The Sugar Research Foundation promptly dropped roughly $50,000 on some top Harvard researchers, who in turn stated firmly that saturated fat was the main cause of heart disease. The plan worked. The Sugar Research Foundation distorted health information, adversely affected public health and kept sales up, all for the bargain price of $50,000. They perpetuated a myth that sugar was harmless empty calories that might cause some tooth rot if you didn’t brush your teeth. It was so effective it inspired a lifetime of these dirty tactics, with varying degrees of success.
Coca-Cola was so adept at misleading the public that they were single-handedly funding a government-run operation called the Global Energy Network Balance (GENB). The stated function of the Global Energy Network Balance was to focus on physical activity as a solution to the growing obesity problems. Its implicit function was to redirect attention away from a healthier diet, which would have a far greater impact on obesity.
In 2015, the GENB’s funding source was revealed by the New York Times, causing a minor scandal. The organisation was disbanded, and Coca-Cola were offered the chance to fund a neutral government initiative. They respectfully declined. Coca-Cola responded to the scandal by making their sponsorships for the previous five years transparent. $100 million going to various health groups and $21 million to scientific researchers. Coca-Cola are giving money to any health organisation that will take it.
Out of 468 groups taking Coca-Cola money, 96 were in a definite ethical grey area. The American Academy of Family Physicians, the American Academy of Paediatrics, the International Food Information Council, the American Red Cross, the American Cancer Society, and the American Dietetic Association were all taking millions of dollars of Coca-Cola’s money. All being swayed, however subliminally, not to speak out against soda. A lot of good work can be done with that money. Nobody in an underfunded research institute can afford to forget that. The system works. If an organisation was on Coca-Cola’s payroll, they were 36 times less likely to link obesity with soft drinks.

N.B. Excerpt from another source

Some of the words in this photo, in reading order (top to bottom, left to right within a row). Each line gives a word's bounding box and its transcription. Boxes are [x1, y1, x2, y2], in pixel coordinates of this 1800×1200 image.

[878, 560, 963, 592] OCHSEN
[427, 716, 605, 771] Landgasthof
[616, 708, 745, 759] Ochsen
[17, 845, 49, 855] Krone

Over a century ago, Coca-Cola itself was born from medical research. It was invented to cure morphine addiction in the nineteenth century, and by the time it was widespread it was sold as a miracle cure for many maladies. Headaches, nerve disorders and impotence could all be set right by a glass of Coca-Cola. Eventually, genuine medical research caught up with Coke, but the drink stuck around. The business model was good.
Soda was cheap to produce, it tasted good, and it was not yet seen as unhealthy, even if it no longer cured impotence. Everyone in the Coca-Cola production line was making money. During the Second World War, the Coca-Cola Company would send a bottle of Coke to a soldier, anywhere on earth, for a nickel. The Second World War was a golden marketing opportunity for them, and they capitalised. Coca-Cola became a globally dominant brand.
Fifty years later, things are beginning to break down. A lifetime of lying and cheating is catching up with Coca-Cola. Sales are falling, taxes are passing in America, and catching on across Europe. The introduction of the sugar tax in Ireland makes it the seventh country in Europe to adopt such a tax. The spread of sugary drink taxes has doubtlessly been slowed by years of misinformation.
There’s been no evidence to suggest that sugary drink tax has any impact on obesity. However, we do know for sure that sugary drinks negatively impact health in a wide variety of ways. We also know that taxing soft drinks means people drink less of them. The facts still work against soda. Luckily, it still tastes pretty good.